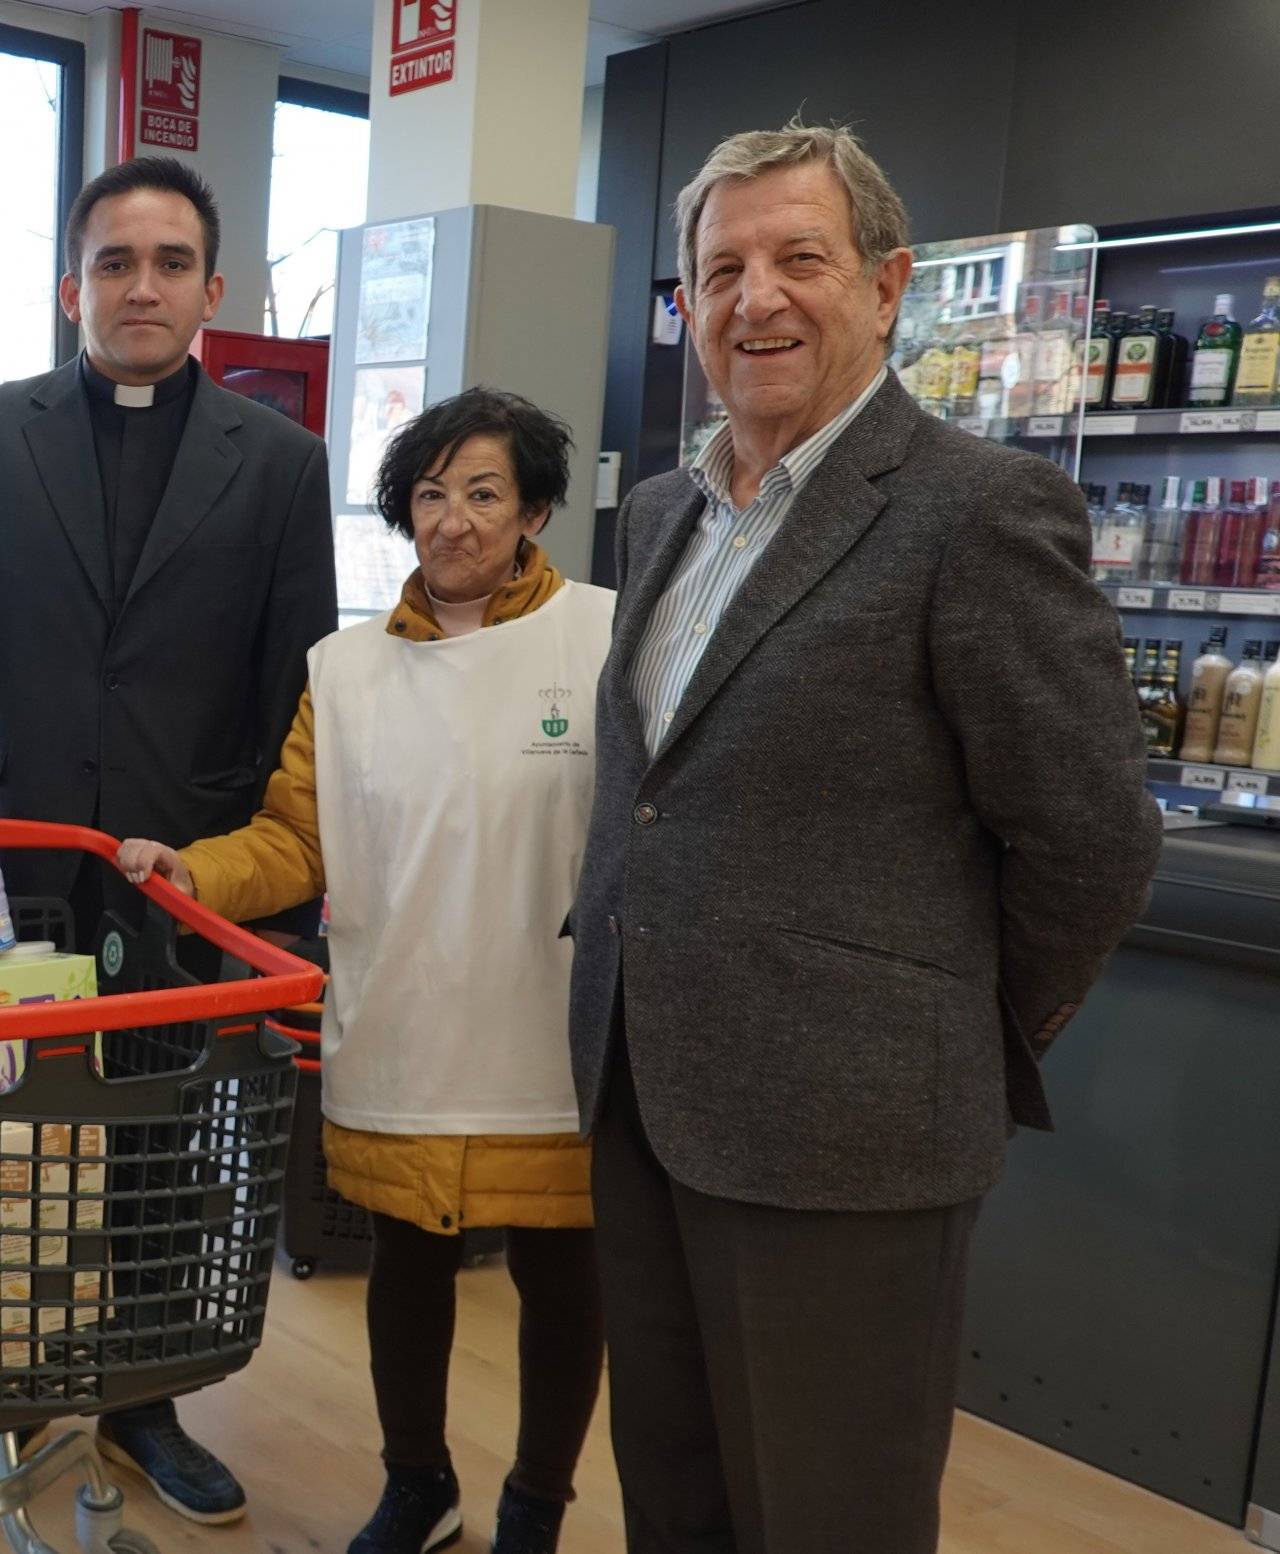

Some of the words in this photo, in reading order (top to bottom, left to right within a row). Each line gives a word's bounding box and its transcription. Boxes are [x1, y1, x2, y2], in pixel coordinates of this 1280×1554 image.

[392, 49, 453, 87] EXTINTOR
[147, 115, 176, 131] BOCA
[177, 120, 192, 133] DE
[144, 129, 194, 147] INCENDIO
==
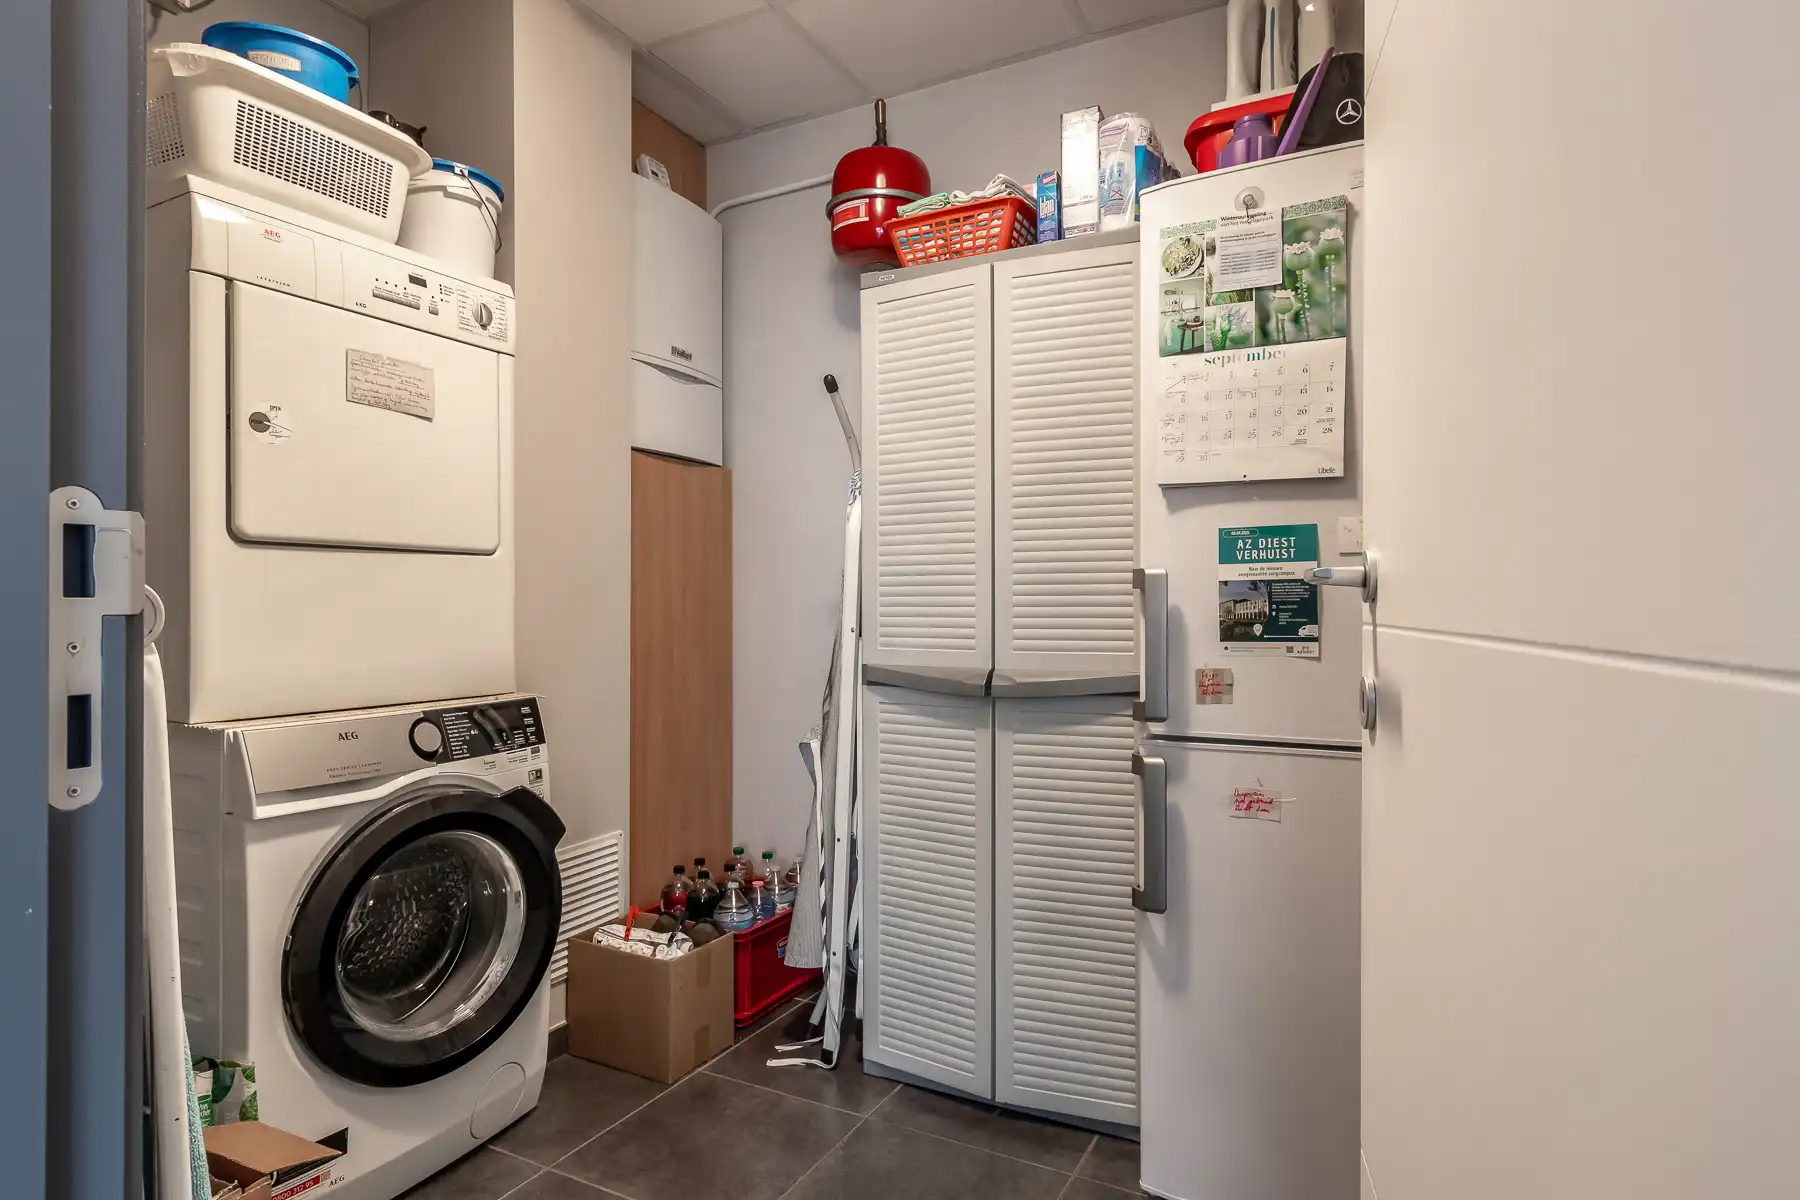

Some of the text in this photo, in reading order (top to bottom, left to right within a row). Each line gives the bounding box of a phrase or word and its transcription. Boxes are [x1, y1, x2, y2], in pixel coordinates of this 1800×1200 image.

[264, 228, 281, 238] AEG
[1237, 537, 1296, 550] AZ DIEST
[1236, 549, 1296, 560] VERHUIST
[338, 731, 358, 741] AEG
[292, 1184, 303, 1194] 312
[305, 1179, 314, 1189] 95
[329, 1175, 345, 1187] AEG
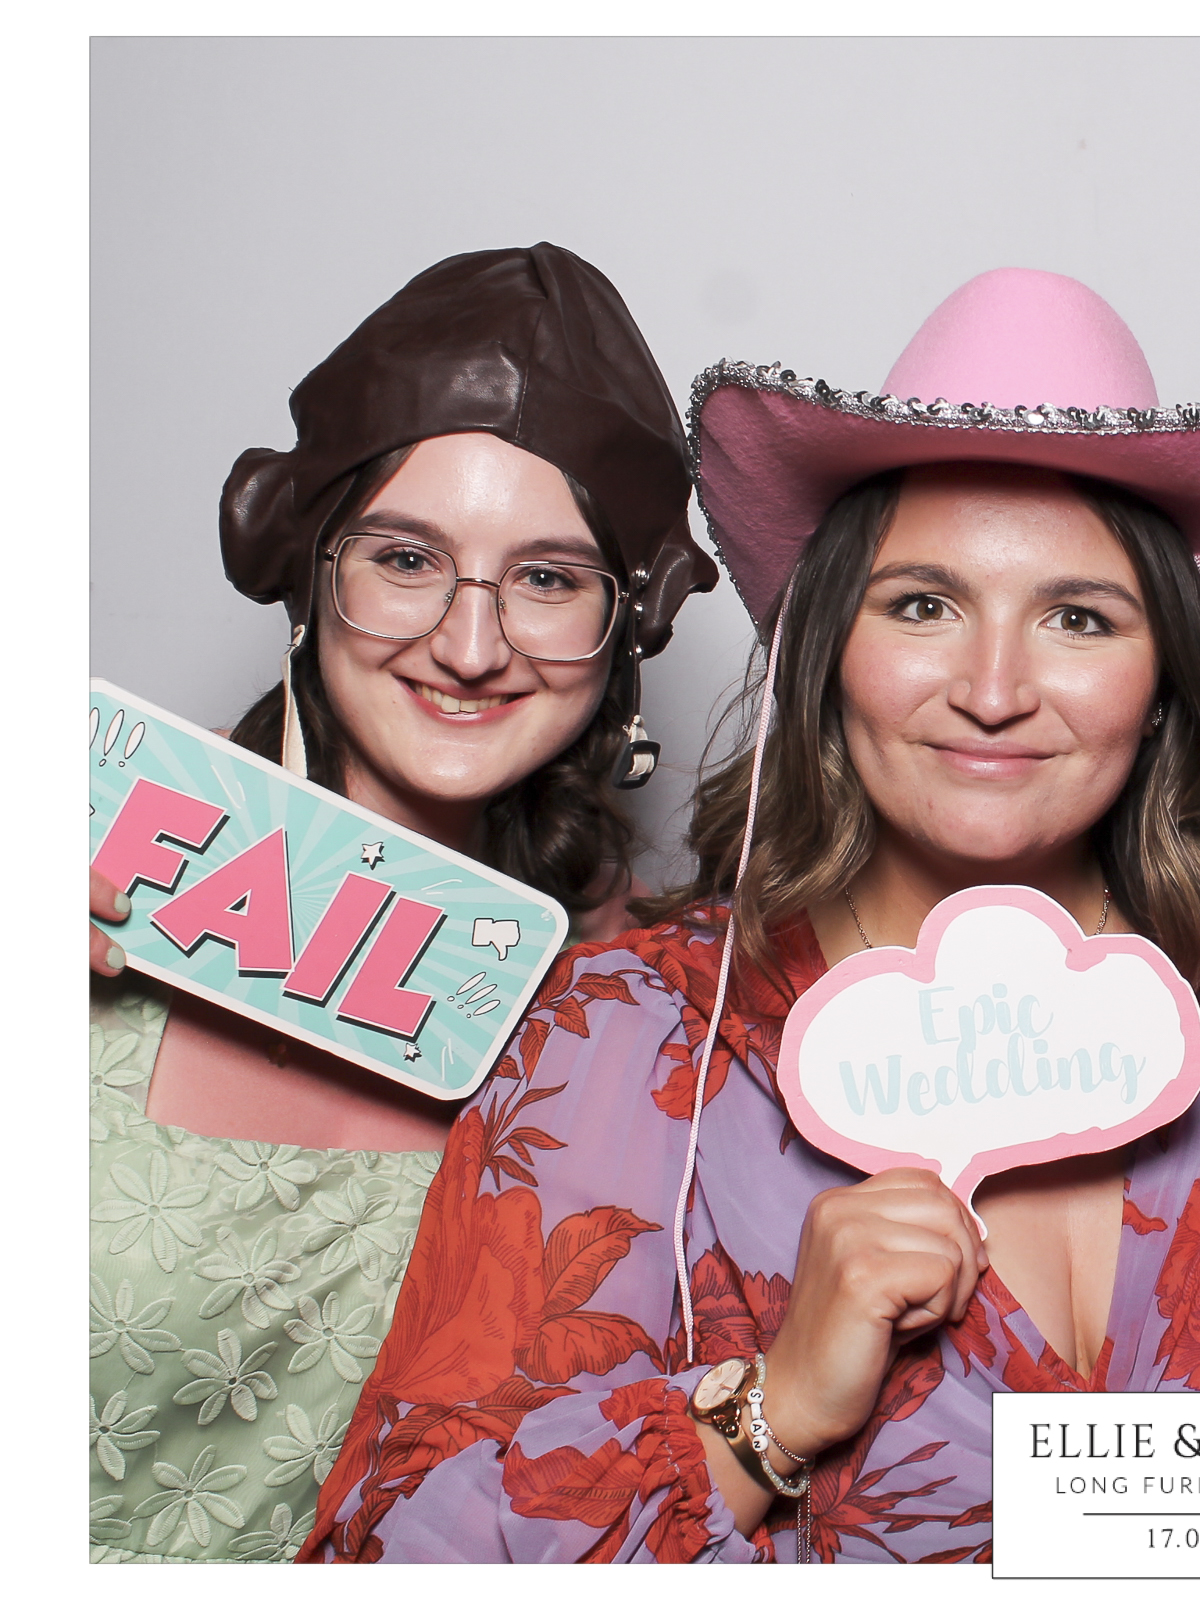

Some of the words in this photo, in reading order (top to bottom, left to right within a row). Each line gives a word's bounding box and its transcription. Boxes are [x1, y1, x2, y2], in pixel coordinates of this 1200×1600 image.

■ **What is expected**
Give back, exactly and without pictures, the stretch of the records above from the line containing "Some of the text" through the line containing "this 1200×1600 image.", with both end lines included.

■ **Solution below**
Some of the text in this photo, in reading order (top to bottom, left to right within a row). Each line gives the bounding box of a phrase or word and its transcription. Boxes are [x1, y1, x2, y2], in pixel coordinates of this 1800×1200 image.

[264, 228, 281, 238] AEG
[1237, 537, 1296, 550] AZ DIEST
[1236, 549, 1296, 560] VERHUIST
[338, 731, 358, 741] AEG
[292, 1184, 303, 1194] 312
[305, 1179, 314, 1189] 95
[329, 1175, 345, 1187] AEG

Some of the words in this photo, in reading order (top to bottom, left to right within a row). Each line gives a word's bounding box and its transcription. Boxes are [x1, y1, x2, y2], in pixel coordinates of this 1200×1600 image.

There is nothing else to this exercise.